» **Action item**:
The lines to copy run from the one containing "this 1932×1932 image." to the last line of the entries; output those lines exactly and only them, without pictures.
####
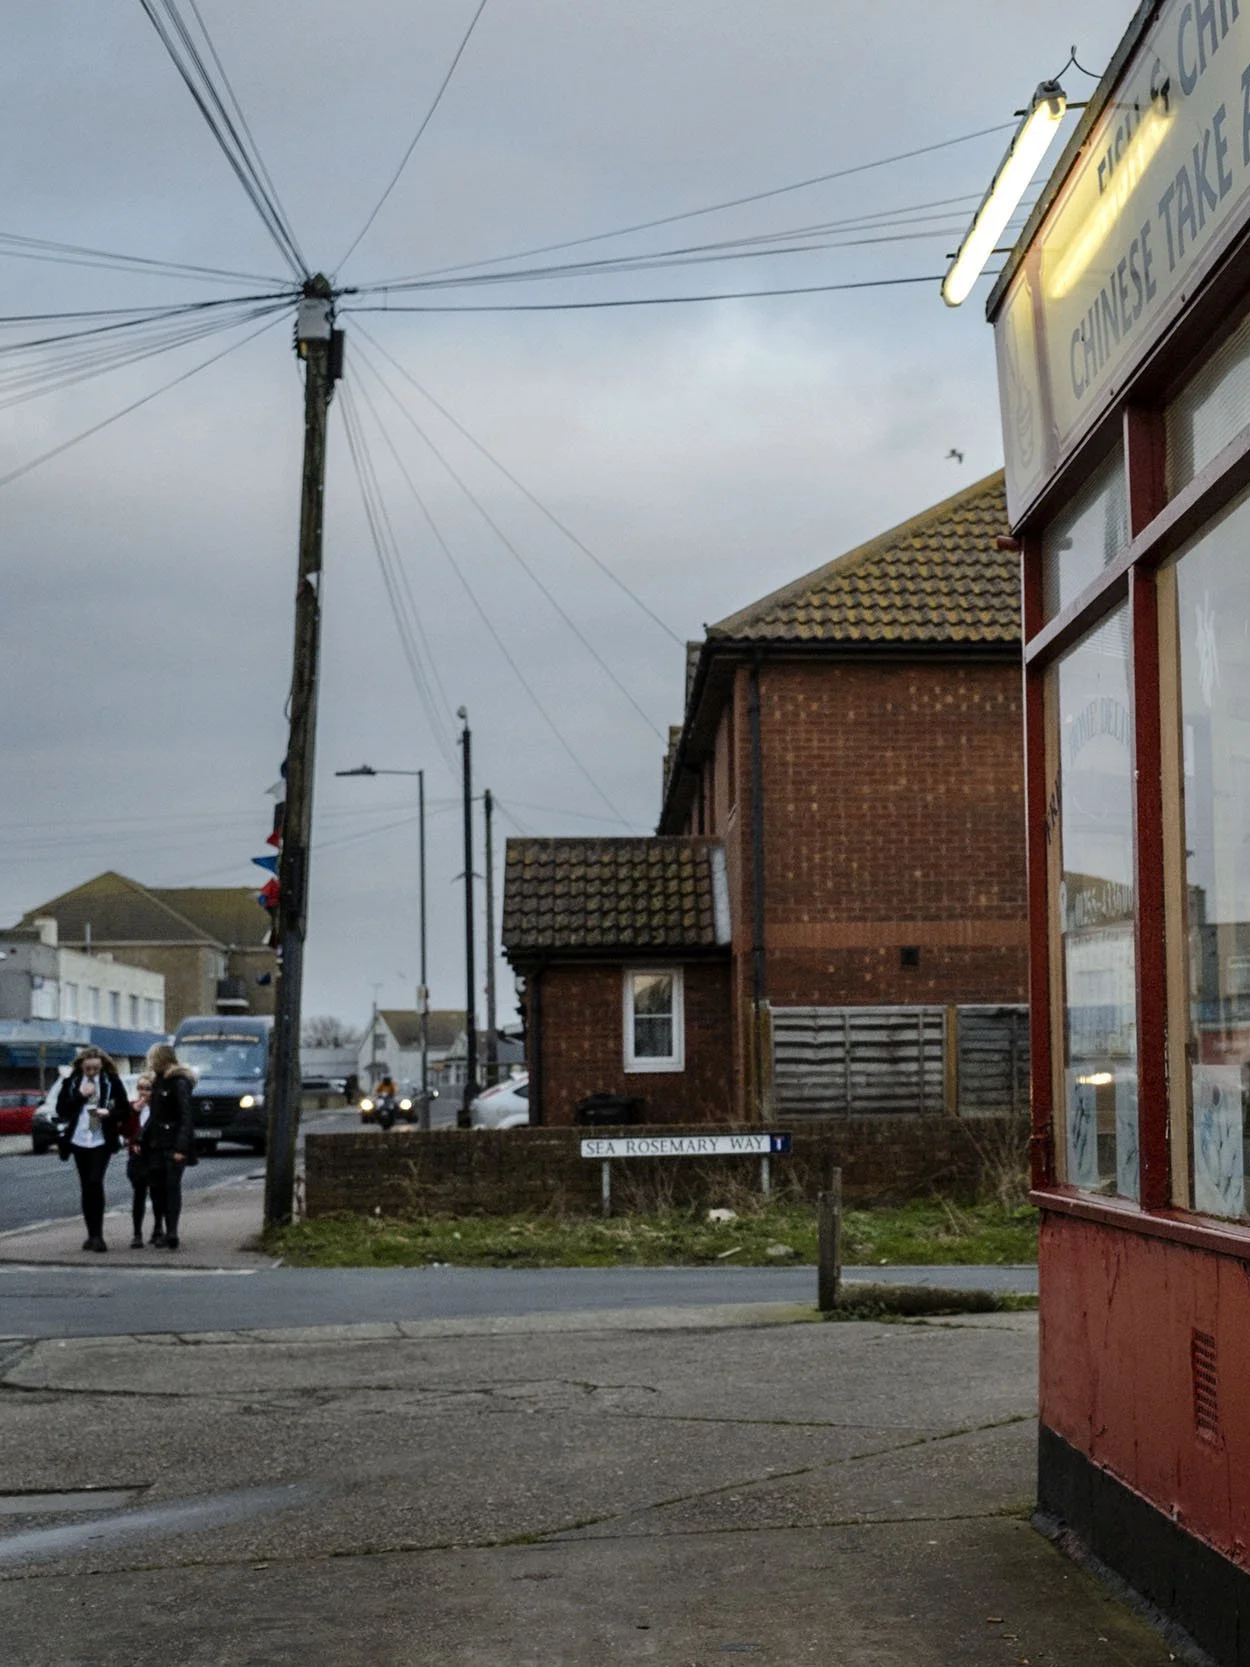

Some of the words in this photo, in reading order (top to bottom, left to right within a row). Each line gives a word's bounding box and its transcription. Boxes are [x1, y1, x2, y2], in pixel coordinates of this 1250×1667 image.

[1070, 219, 1154, 401] CHINESE
[1158, 103, 1234, 273] TAKE
[586, 1140, 616, 1156] SEA
[626, 1138, 719, 1154] ROSEMARY
[730, 1135, 766, 1150] WAY
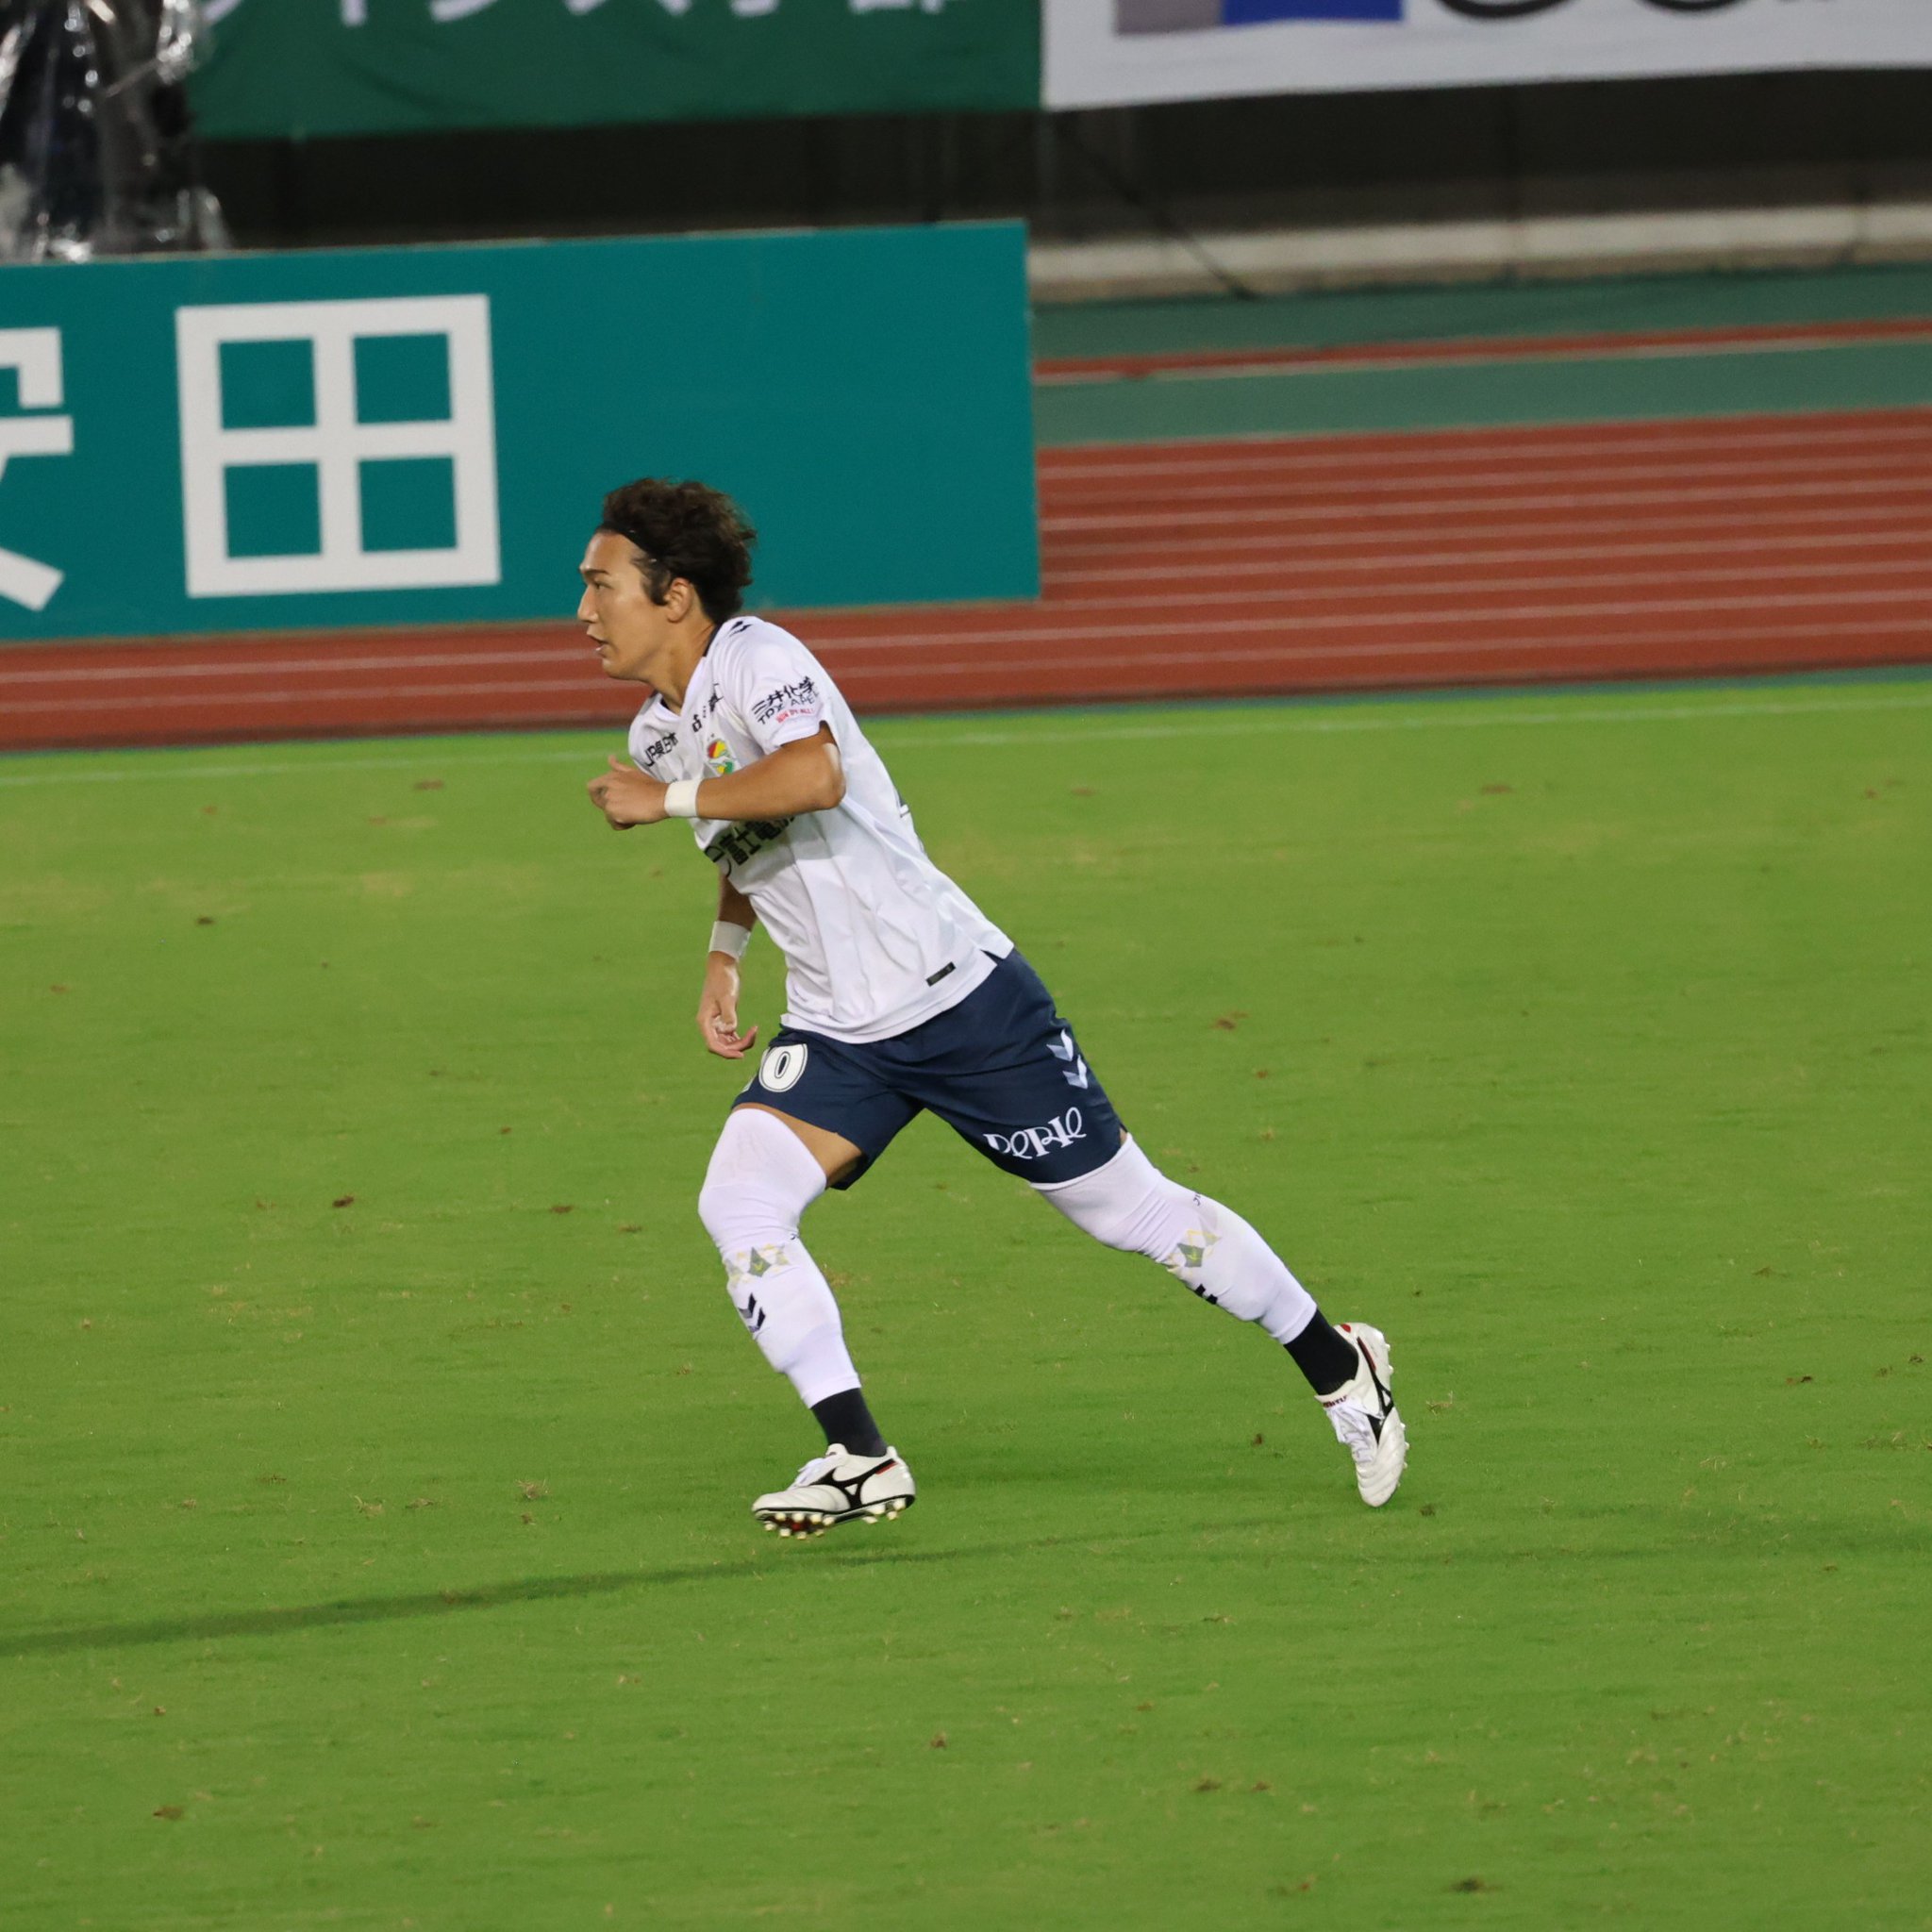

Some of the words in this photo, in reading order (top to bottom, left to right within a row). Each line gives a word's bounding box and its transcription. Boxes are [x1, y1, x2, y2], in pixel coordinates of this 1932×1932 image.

[0, 294, 501, 611] 田
[751, 675, 815, 719] 三井化学
[740, 1043, 808, 1092] 0
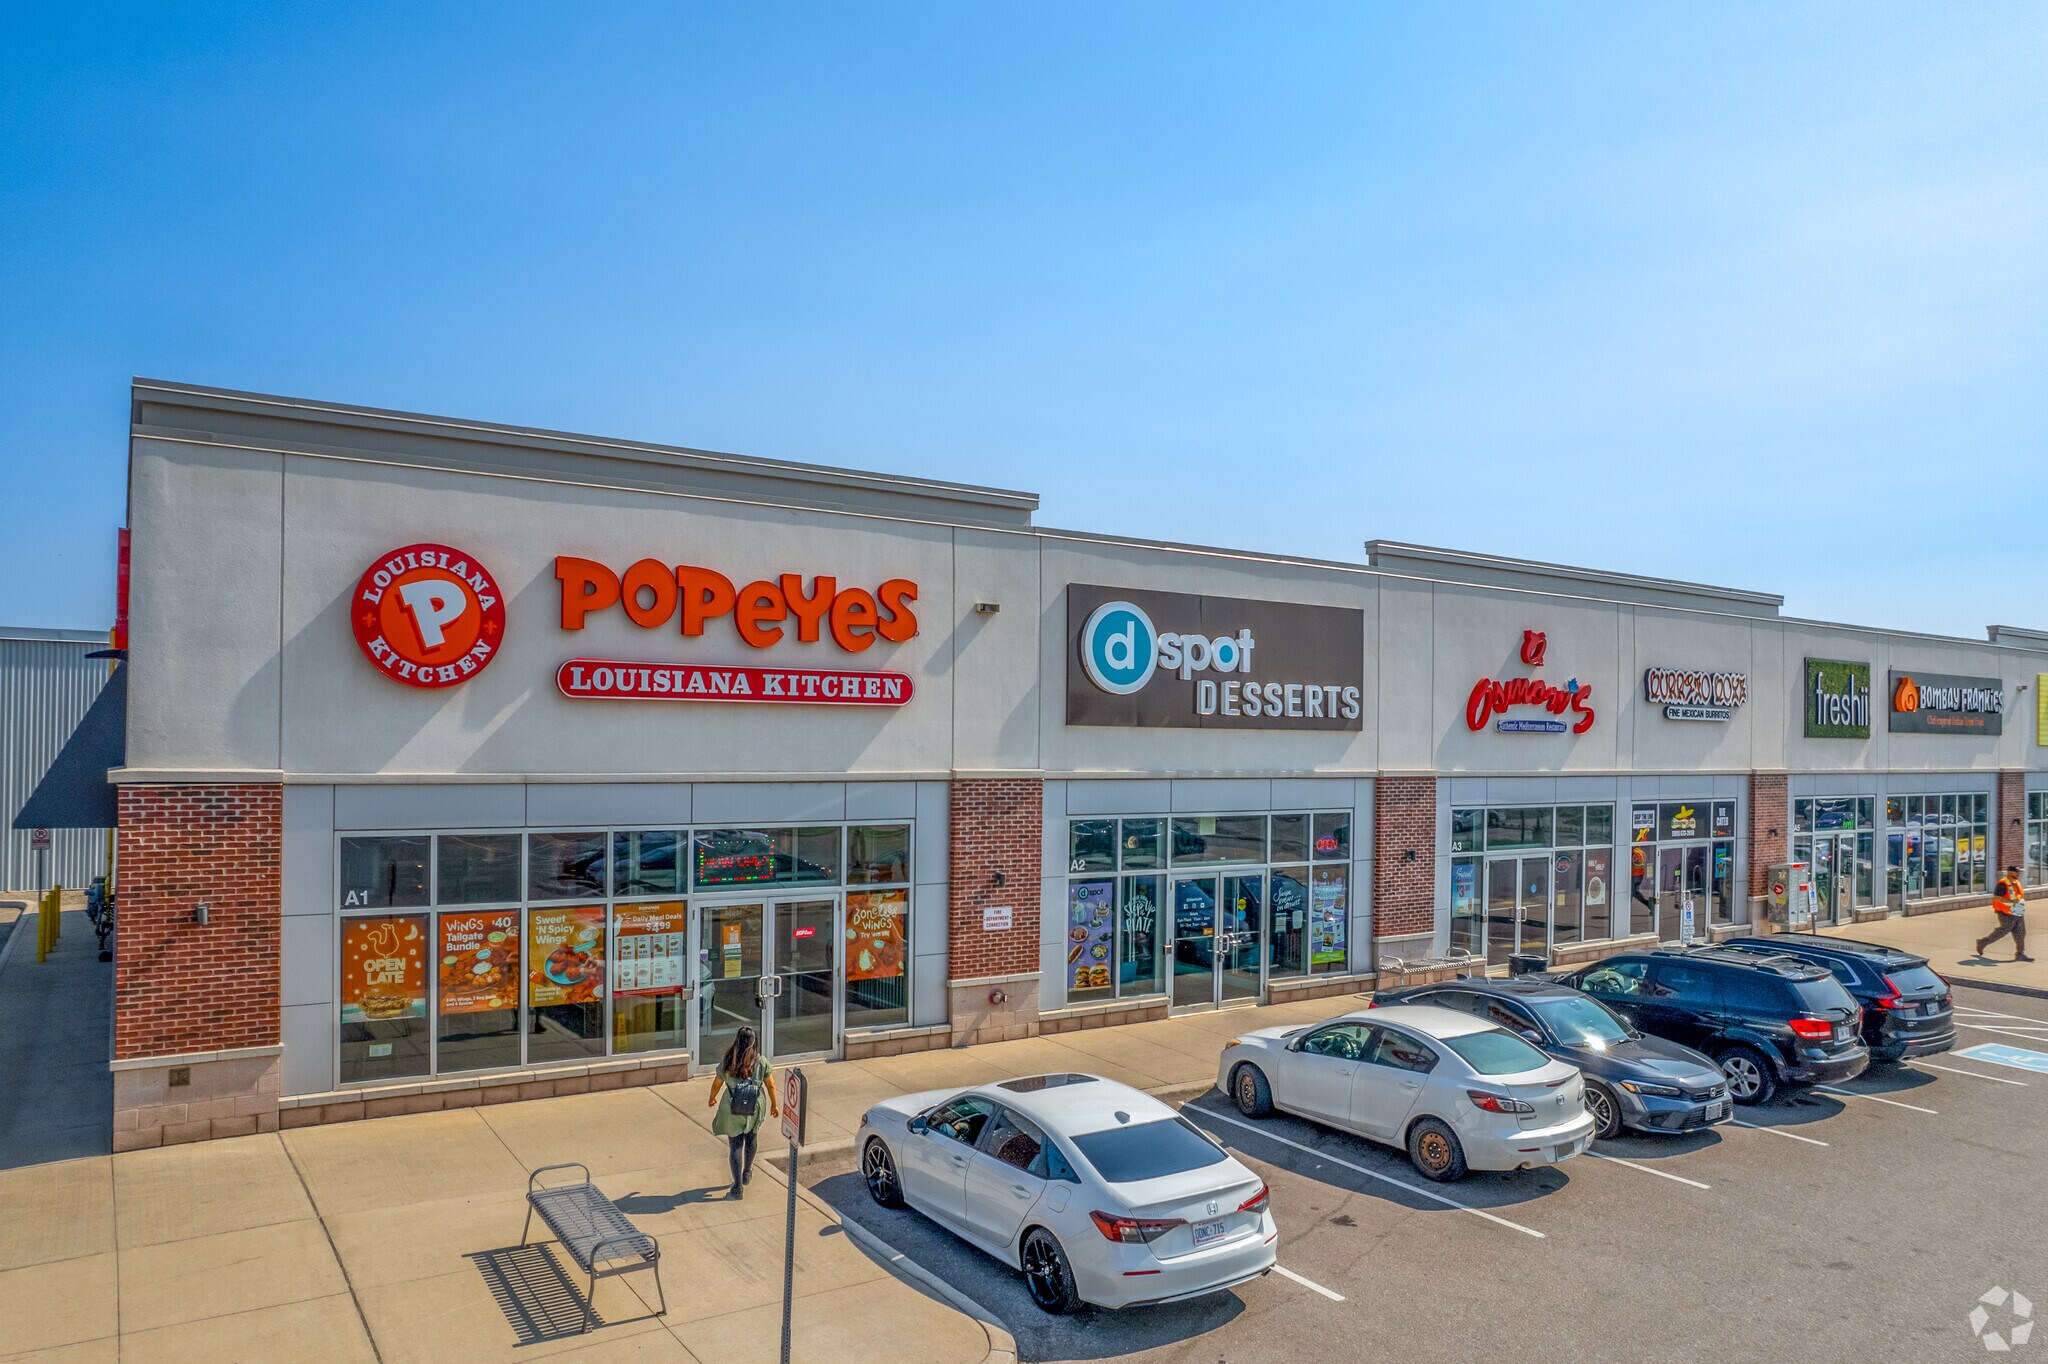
####
» **Exercise result**:
Some of the words in this photo, in reading order (top to bottom, left to right within a row). Each line gives a word's bounding box and its transcription. Boxes are [x1, y1, x2, y2], in pixel coordinates of this 1932×1932 image.

[0, 294, 501, 611] 田
[751, 675, 815, 719] 三井化学
[740, 1043, 808, 1092] 0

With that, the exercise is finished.